§ What is expected
The records below should be printed once more, exactly as they appear.
[[ Provided records open ]]
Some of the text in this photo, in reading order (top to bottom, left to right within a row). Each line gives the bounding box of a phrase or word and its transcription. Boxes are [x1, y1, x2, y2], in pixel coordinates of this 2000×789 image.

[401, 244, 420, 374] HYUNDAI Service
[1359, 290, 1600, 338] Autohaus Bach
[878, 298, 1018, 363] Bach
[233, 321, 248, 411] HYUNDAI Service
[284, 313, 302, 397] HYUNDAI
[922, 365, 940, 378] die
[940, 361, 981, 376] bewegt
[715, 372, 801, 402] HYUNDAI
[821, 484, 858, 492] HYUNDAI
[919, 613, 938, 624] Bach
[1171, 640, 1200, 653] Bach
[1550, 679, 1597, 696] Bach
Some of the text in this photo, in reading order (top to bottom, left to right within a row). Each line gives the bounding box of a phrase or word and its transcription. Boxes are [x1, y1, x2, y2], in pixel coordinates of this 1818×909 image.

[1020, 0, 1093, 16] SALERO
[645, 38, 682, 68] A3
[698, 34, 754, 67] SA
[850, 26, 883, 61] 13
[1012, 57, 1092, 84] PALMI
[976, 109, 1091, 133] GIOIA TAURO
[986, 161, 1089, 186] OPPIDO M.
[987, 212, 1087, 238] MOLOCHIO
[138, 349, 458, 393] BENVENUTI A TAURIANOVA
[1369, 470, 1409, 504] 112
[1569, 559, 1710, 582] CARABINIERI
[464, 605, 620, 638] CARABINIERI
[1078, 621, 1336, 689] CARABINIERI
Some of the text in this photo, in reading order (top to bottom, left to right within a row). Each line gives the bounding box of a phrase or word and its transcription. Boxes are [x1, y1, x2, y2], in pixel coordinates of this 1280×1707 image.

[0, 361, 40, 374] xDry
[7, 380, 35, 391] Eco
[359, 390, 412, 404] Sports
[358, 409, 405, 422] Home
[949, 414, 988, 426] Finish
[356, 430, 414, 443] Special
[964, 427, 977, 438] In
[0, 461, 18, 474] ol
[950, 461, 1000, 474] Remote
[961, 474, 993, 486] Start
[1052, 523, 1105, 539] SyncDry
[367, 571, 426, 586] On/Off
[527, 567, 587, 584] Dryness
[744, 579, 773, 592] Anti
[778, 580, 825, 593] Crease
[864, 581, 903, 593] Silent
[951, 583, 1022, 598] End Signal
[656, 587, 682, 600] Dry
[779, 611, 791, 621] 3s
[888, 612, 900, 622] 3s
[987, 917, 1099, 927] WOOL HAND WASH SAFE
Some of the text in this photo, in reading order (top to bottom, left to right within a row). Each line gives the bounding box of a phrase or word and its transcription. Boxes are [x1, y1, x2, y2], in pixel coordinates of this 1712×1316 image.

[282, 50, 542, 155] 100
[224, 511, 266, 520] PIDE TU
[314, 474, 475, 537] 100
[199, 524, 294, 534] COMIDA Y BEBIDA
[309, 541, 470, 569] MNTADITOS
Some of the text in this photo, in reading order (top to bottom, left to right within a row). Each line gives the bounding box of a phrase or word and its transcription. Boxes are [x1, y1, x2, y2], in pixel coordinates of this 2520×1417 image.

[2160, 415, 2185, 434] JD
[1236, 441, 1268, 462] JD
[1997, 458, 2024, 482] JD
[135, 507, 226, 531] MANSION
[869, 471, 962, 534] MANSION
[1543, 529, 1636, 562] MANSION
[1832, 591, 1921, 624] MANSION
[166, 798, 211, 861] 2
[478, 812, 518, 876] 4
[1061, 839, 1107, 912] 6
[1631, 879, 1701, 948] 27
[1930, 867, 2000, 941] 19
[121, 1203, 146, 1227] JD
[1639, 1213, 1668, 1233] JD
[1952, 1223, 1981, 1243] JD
[[ Provided records closed ]]
§ Answer
Some of the text in this photo, in reading order (top to bottom, left to right within a row). Each line gives the bounding box of a phrase or word and its transcription. Boxes are [x1, y1, x2, y2], in pixel coordinates of this 2000×789 image.

[401, 244, 420, 374] HYUNDAI Service
[1359, 290, 1600, 338] Autohaus Bach
[878, 298, 1018, 363] Bach
[233, 321, 248, 411] HYUNDAI Service
[284, 313, 302, 397] HYUNDAI
[922, 365, 940, 378] die
[940, 361, 981, 376] bewegt
[715, 372, 801, 402] HYUNDAI
[821, 484, 858, 492] HYUNDAI
[919, 613, 938, 624] Bach
[1171, 640, 1200, 653] Bach
[1550, 679, 1597, 696] Bach
Some of the text in this photo, in reading order (top to bottom, left to right within a row). Each line gives the bounding box of a phrase or word and its transcription. Boxes are [x1, y1, x2, y2], in pixel coordinates of this 1818×909 image.

[1020, 0, 1093, 16] SALERO
[645, 38, 682, 68] A3
[698, 34, 754, 67] SA
[850, 26, 883, 61] 13
[1012, 57, 1092, 84] PALMI
[976, 109, 1091, 133] GIOIA TAURO
[986, 161, 1089, 186] OPPIDO M.
[987, 212, 1087, 238] MOLOCHIO
[138, 349, 458, 393] BENVENUTI A TAURIANOVA
[1369, 470, 1409, 504] 112
[1569, 559, 1710, 582] CARABINIERI
[464, 605, 620, 638] CARABINIERI
[1078, 621, 1336, 689] CARABINIERI
Some of the text in this photo, in reading order (top to bottom, left to right within a row). Each line gives the bounding box of a phrase or word and its transcription. Boxes are [x1, y1, x2, y2], in pixel coordinates of this 1280×1707 image.

[0, 361, 40, 374] xDry
[7, 380, 35, 391] Eco
[359, 390, 412, 404] Sports
[358, 409, 405, 422] Home
[949, 414, 988, 426] Finish
[356, 430, 414, 443] Special
[964, 427, 977, 438] In
[0, 461, 18, 474] ol
[950, 461, 1000, 474] Remote
[961, 474, 993, 486] Start
[1052, 523, 1105, 539] SyncDry
[367, 571, 426, 586] On/Off
[527, 567, 587, 584] Dryness
[744, 579, 773, 592] Anti
[778, 580, 825, 593] Crease
[864, 581, 903, 593] Silent
[951, 583, 1022, 598] End Signal
[656, 587, 682, 600] Dry
[779, 611, 791, 621] 3s
[888, 612, 900, 622] 3s
[987, 917, 1099, 927] WOOL HAND WASH SAFE
Some of the text in this photo, in reading order (top to bottom, left to right within a row). Each line gives the bounding box of a phrase or word and its transcription. Boxes are [x1, y1, x2, y2], in pixel coordinates of this 1712×1316 image.

[282, 50, 542, 155] 100
[224, 511, 266, 520] PIDE TU
[314, 474, 475, 537] 100
[199, 524, 294, 534] COMIDA Y BEBIDA
[309, 541, 470, 569] MNTADITOS
Some of the text in this photo, in reading order (top to bottom, left to right within a row). Each line gives the bounding box of a phrase or word and its transcription. Boxes are [x1, y1, x2, y2], in pixel coordinates of this 2520×1417 image.

[2160, 415, 2185, 434] JD
[1236, 441, 1268, 462] JD
[1997, 458, 2024, 482] JD
[135, 507, 226, 531] MANSION
[869, 471, 962, 534] MANSION
[1543, 529, 1636, 562] MANSION
[1832, 591, 1921, 624] MANSION
[166, 798, 211, 861] 2
[478, 812, 518, 876] 4
[1061, 839, 1107, 912] 6
[1631, 879, 1701, 948] 27
[1930, 867, 2000, 941] 19
[121, 1203, 146, 1227] JD
[1639, 1213, 1668, 1233] JD
[1952, 1223, 1981, 1243] JD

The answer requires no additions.